▶ _AIM OF THE EXERCISE_
Please transcribe every entry below exactly, without including the pictures.

(RECORDS FOR THIS TASK begins)

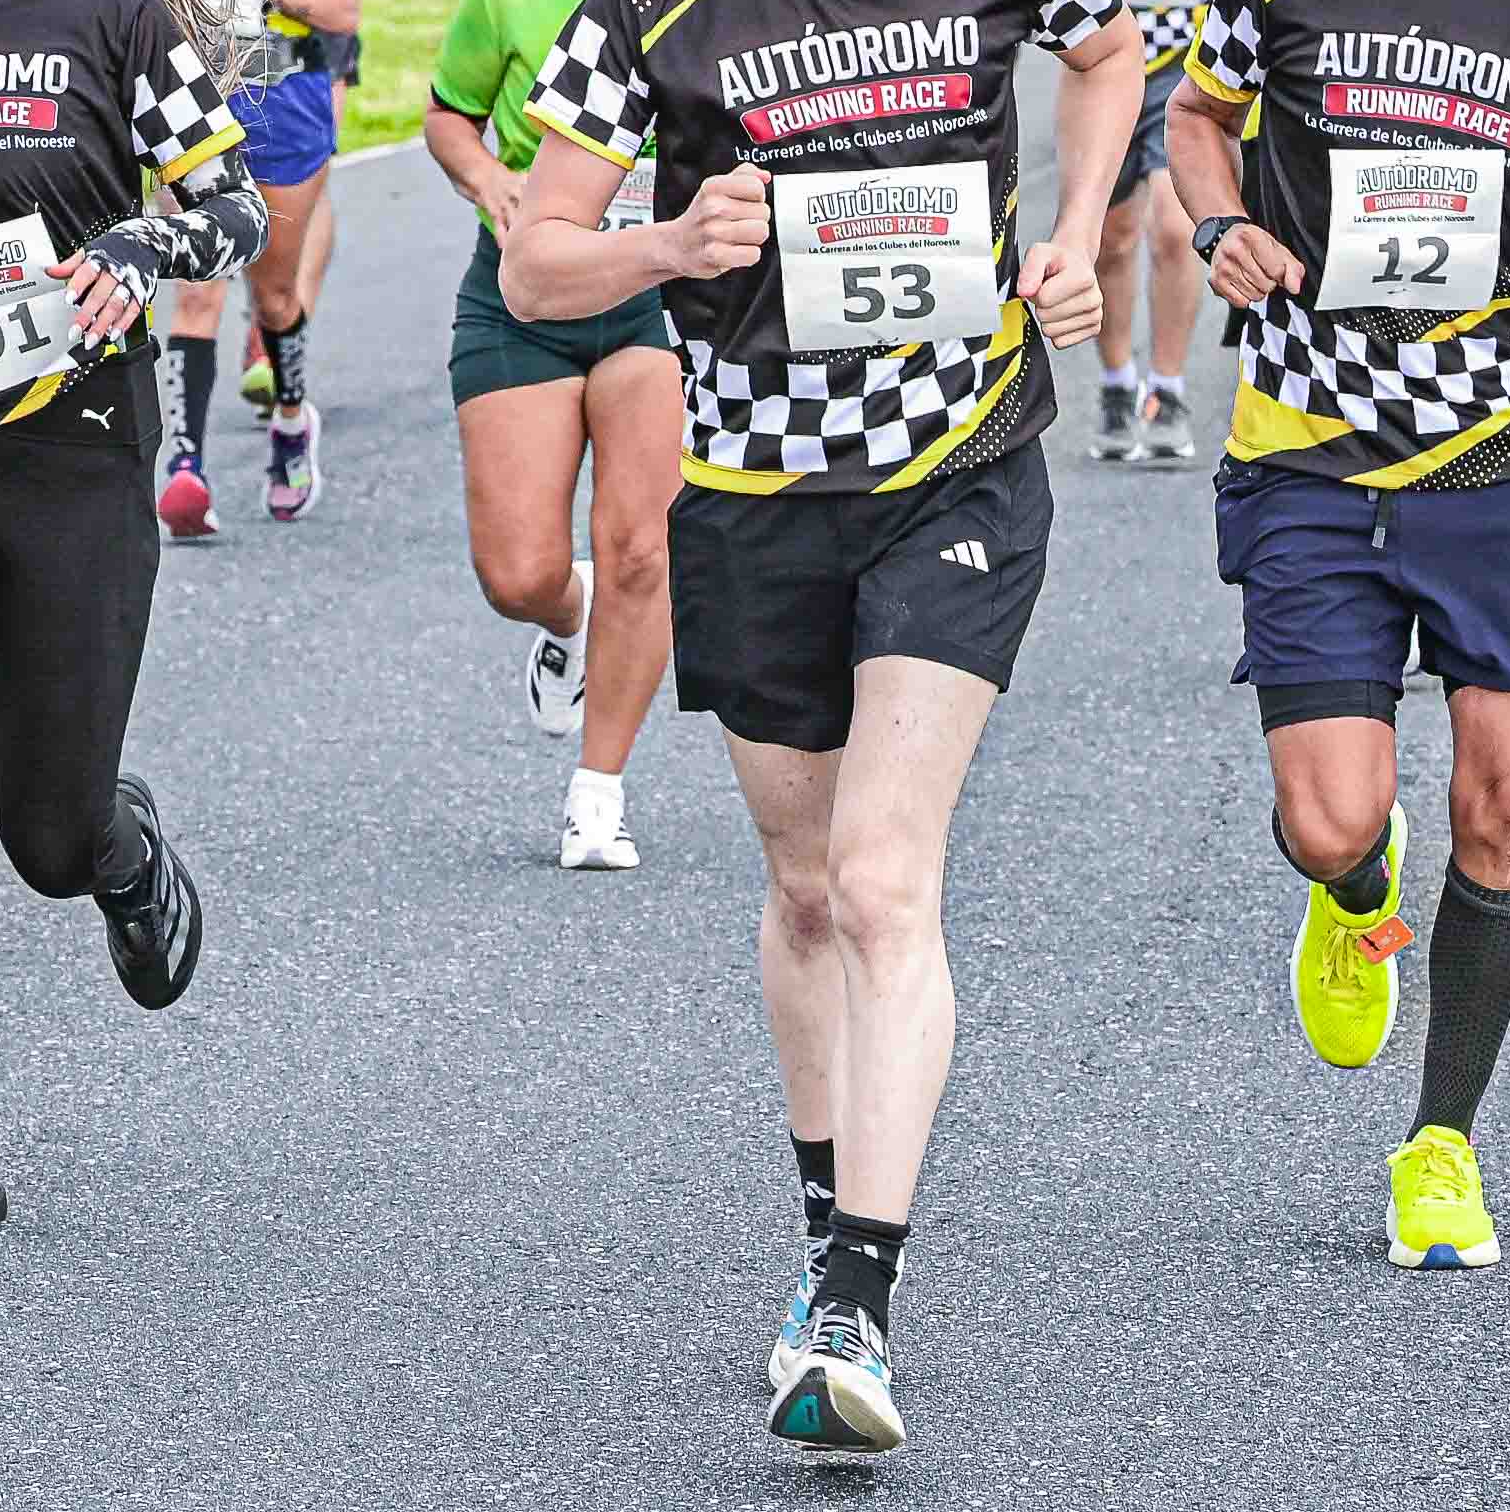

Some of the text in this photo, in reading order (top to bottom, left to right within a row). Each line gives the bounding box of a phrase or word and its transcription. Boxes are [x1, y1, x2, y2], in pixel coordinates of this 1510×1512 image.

[717, 15, 980, 109] AUTÓDROMO
[766, 81, 947, 136] RUNNING RACE
[1346, 87, 1448, 122] RUNNING
[14, 134, 76, 149] Noroeste
[735, 109, 988, 163] La Carrera de los Clubes del Noroeste
[1305, 112, 1316, 128] La
[1319, 117, 1368, 139] Carrera
[1371, 128, 1389, 143] de
[1392, 130, 1412, 148] los
[1357, 159, 1477, 194] AUTÓDROMO
[807, 181, 957, 225] AUTÓDROMO
[1374, 193, 1454, 210] RUNNING RACE
[820, 245, 851, 254] Carrera
[865, 243, 877, 251] los
[879, 241, 907, 250] Clubes
[909, 240, 921, 248] del
[923, 239, 960, 248] Noroeste
[832, 216, 934, 241] RUNNING RACE
[1372, 236, 1449, 285] 12
[842, 264, 936, 323] 53
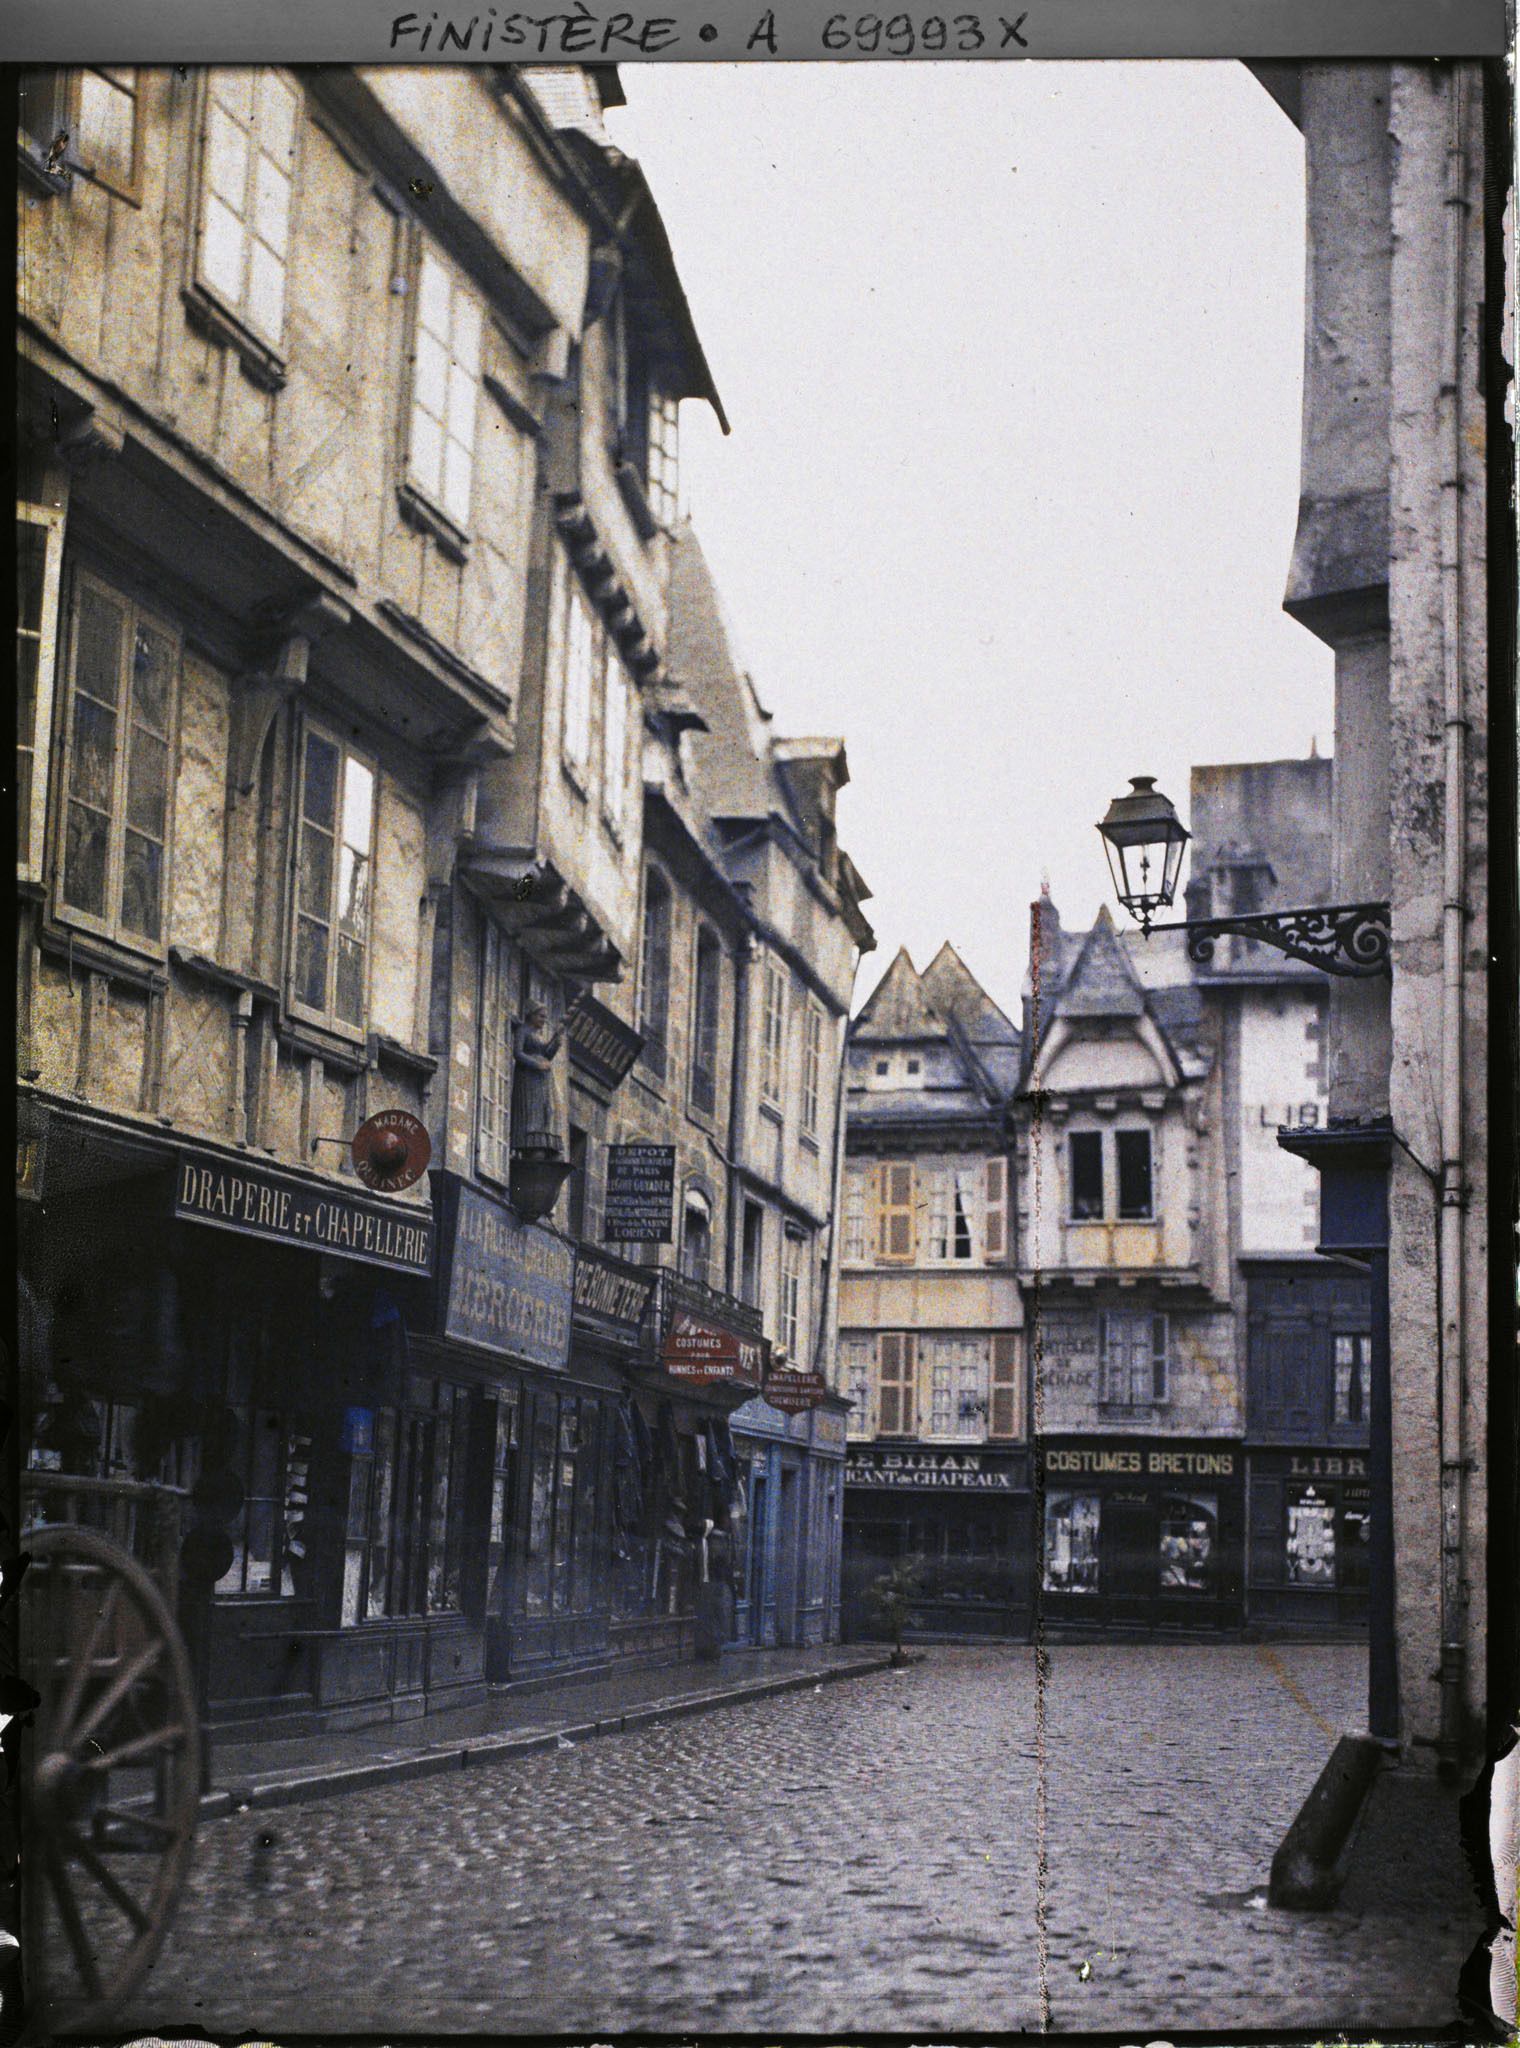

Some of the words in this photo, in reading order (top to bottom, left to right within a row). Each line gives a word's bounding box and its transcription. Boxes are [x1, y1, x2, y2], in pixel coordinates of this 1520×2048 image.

(RECORDS FOR THIS TASK ends)

▶ _RESPONSE AREA_
Some of the text in this photo, in reading order (top to bottom, left to right within a row). Each line gives the bounding box of a phrase or word and its transcription. Boxes are [x1, y1, x2, y2], in pixel coordinates of this 1510×1512 image.

[717, 15, 980, 109] AUTÓDROMO
[766, 81, 947, 136] RUNNING RACE
[1346, 87, 1448, 122] RUNNING
[14, 134, 76, 149] Noroeste
[735, 109, 988, 163] La Carrera de los Clubes del Noroeste
[1305, 112, 1316, 128] La
[1319, 117, 1368, 139] Carrera
[1371, 128, 1389, 143] de
[1392, 130, 1412, 148] los
[1357, 159, 1477, 194] AUTÓDROMO
[807, 181, 957, 225] AUTÓDROMO
[1374, 193, 1454, 210] RUNNING RACE
[820, 245, 851, 254] Carrera
[865, 243, 877, 251] los
[879, 241, 907, 250] Clubes
[909, 240, 921, 248] del
[923, 239, 960, 248] Noroeste
[832, 216, 934, 241] RUNNING RACE
[1372, 236, 1449, 285] 12
[842, 264, 936, 323] 53

Some of the words in this photo, in reading order (top to bottom, left to right within a row). Each line gives a word's bounding box and its transcription. Boxes are [x1, y1, x2, y2], in pixel coordinates of this 1520×2048 image.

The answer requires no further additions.